The relevance of these findings to the privatization debate in Virginia also needs further review. For example, British Columbia adopted a partial privatization plan permitting both government-owned and privately-owned stores to operate during the study period. Virginia’s governor is proposing to auction off liquor store licenses to completely replace the current government-run stores. In addition, British Columbia’s system covers beer and wine as well as distilled spirits, while beer and wine are already sold in privately-owned stores in Virginia.

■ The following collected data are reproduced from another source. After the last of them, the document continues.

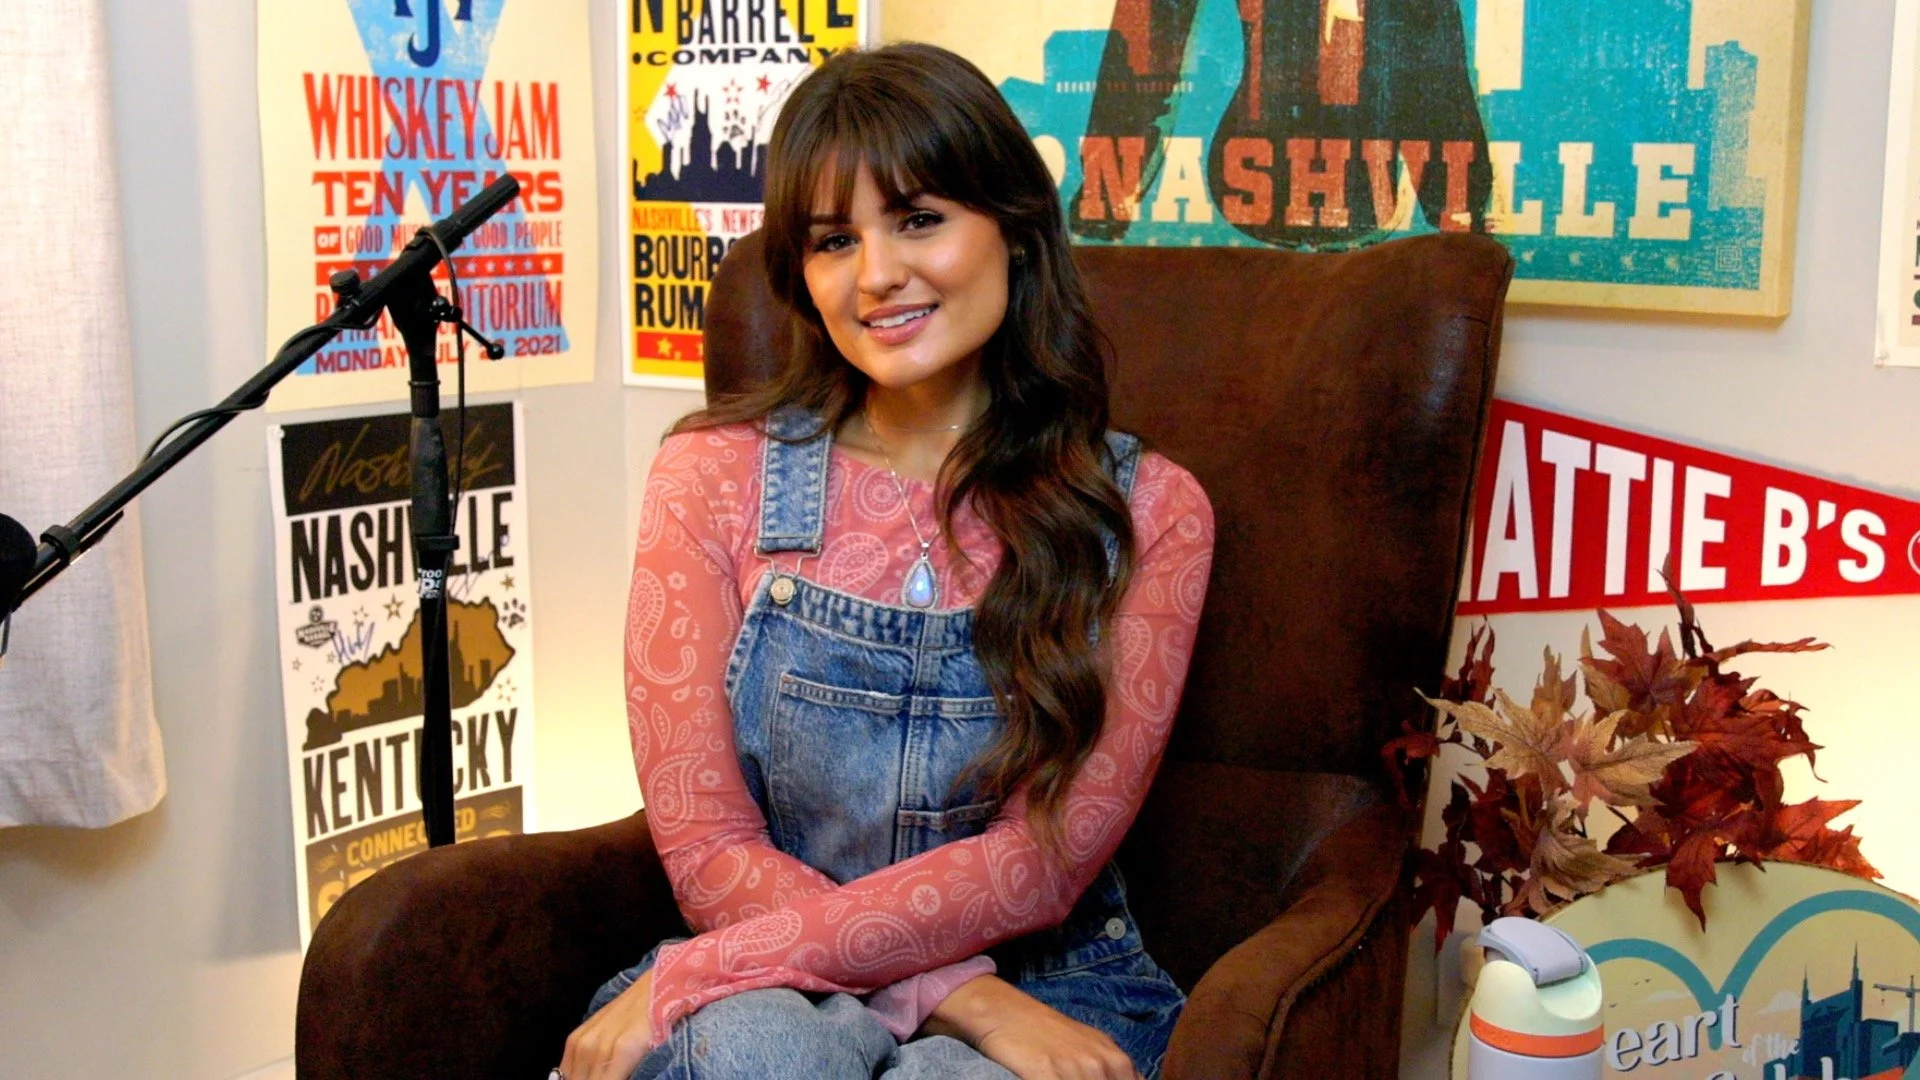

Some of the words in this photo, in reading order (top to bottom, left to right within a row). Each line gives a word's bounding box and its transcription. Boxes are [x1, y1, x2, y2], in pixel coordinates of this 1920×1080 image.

[647, 48, 838, 66] COMPANY
[303, 73, 483, 160] WHISKEY
[485, 80, 561, 160] JAM
[312, 171, 404, 216] TEN
[1078, 137, 1694, 240] NASHVILLE
[317, 232, 340, 248] OF
[346, 225, 383, 253] GOOD
[514, 220, 562, 248] PEOPLE
[634, 234, 736, 281] BOURB
[434, 280, 562, 336] UDITORIUM
[635, 283, 704, 330] RUM
[514, 335, 561, 357] 2021
[291, 491, 514, 603] NASHLE
[346, 806, 476, 868] CONNECD
[1604, 993, 1743, 1073] eart
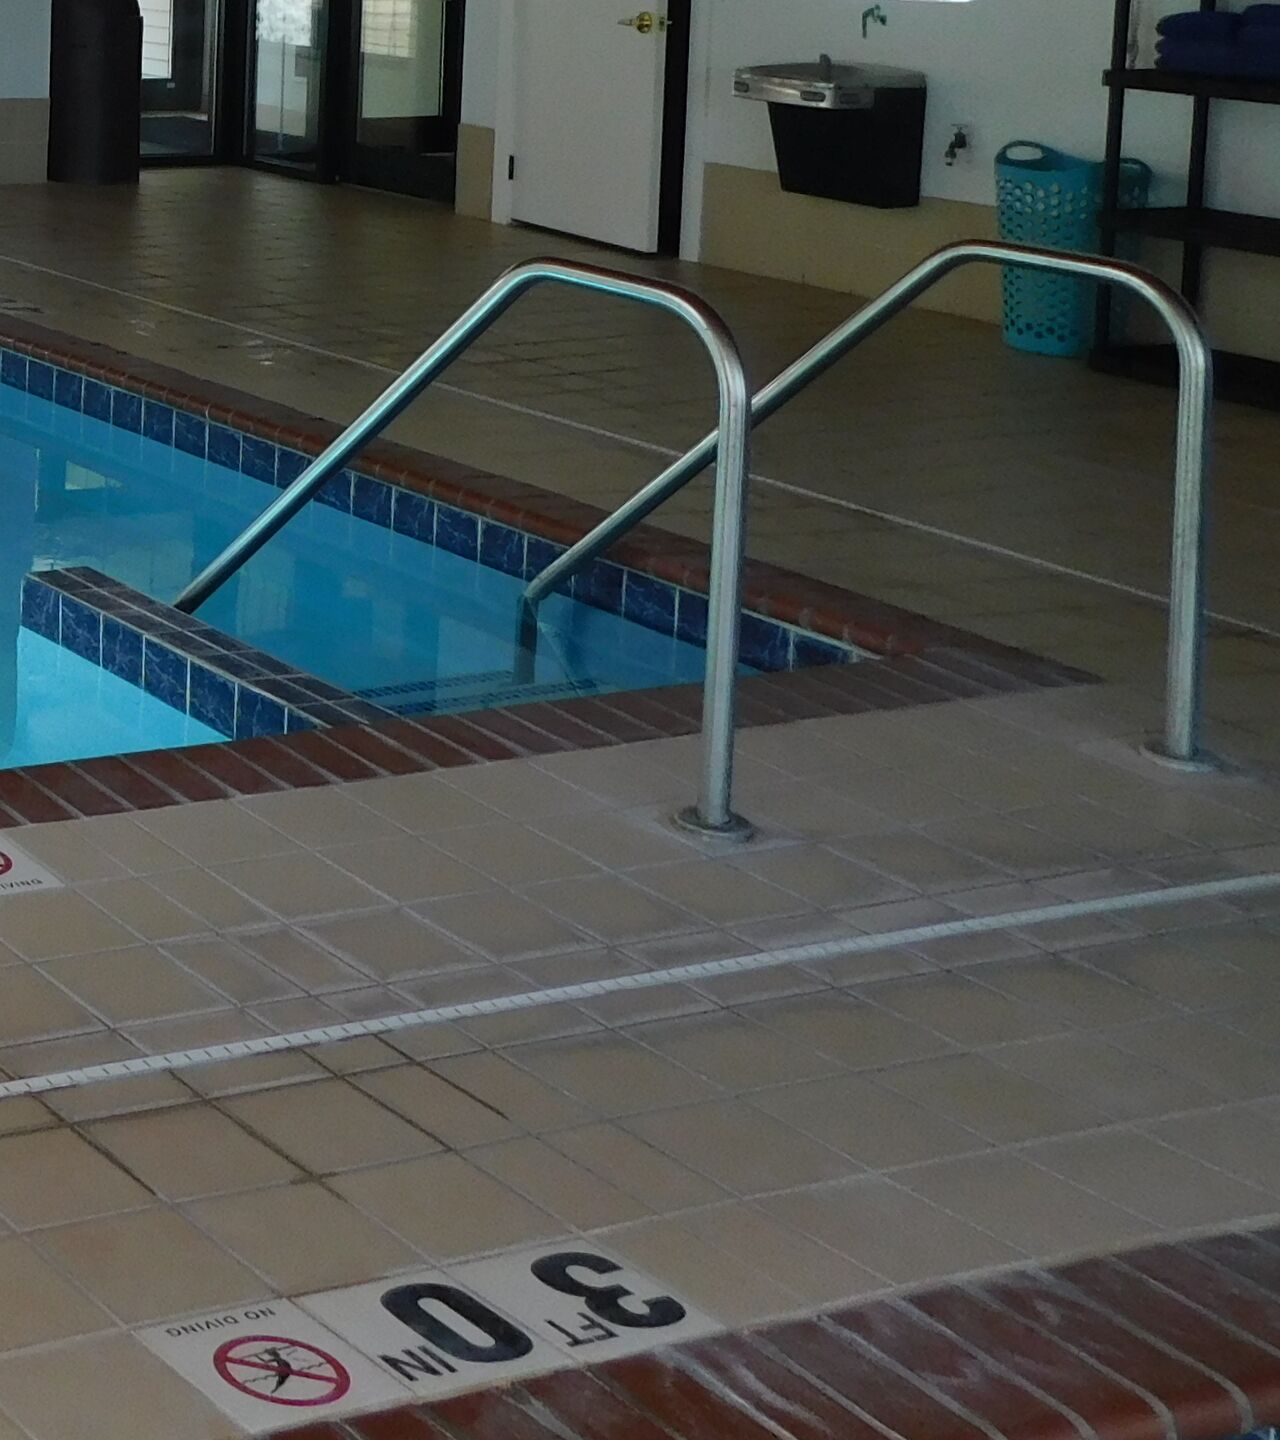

Finally, we should be even more cautious about using a newly published scientific study as a political football until such questions are resolved. However much advocates may hope that a single study “will put these fruitless and time-wasting debates to rest,” the purpose of scholarly research is to advance debates, not stifle them.

1. Based on the data presentation in the article, it is not clear whether this decline is statistically significant. But these data clearly fail to support a significant positive association between consumption and mortality rates.
2. Of course, if we were to take this seriously, the 56.8 percent would represent a marginal benefit that might diminish as the number of stores grows.